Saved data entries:

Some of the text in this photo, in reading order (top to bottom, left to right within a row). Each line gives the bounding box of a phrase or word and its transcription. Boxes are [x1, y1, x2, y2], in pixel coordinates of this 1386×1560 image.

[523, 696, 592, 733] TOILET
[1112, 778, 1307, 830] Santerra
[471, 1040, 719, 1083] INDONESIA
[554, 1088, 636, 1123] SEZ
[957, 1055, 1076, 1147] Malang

■ Requirement
Make an exact copy of all the entries above.

■ Reply
Some of the text in this photo, in reading order (top to bottom, left to right within a row). Each line gives the bounding box of a phrase or word and its transcription. Boxes are [x1, y1, x2, y2], in pixel coordinates of this 1386×1560 image.

[523, 696, 592, 733] TOILET
[1112, 778, 1307, 830] Santerra
[471, 1040, 719, 1083] INDONESIA
[554, 1088, 636, 1123] SEZ
[957, 1055, 1076, 1147] Malang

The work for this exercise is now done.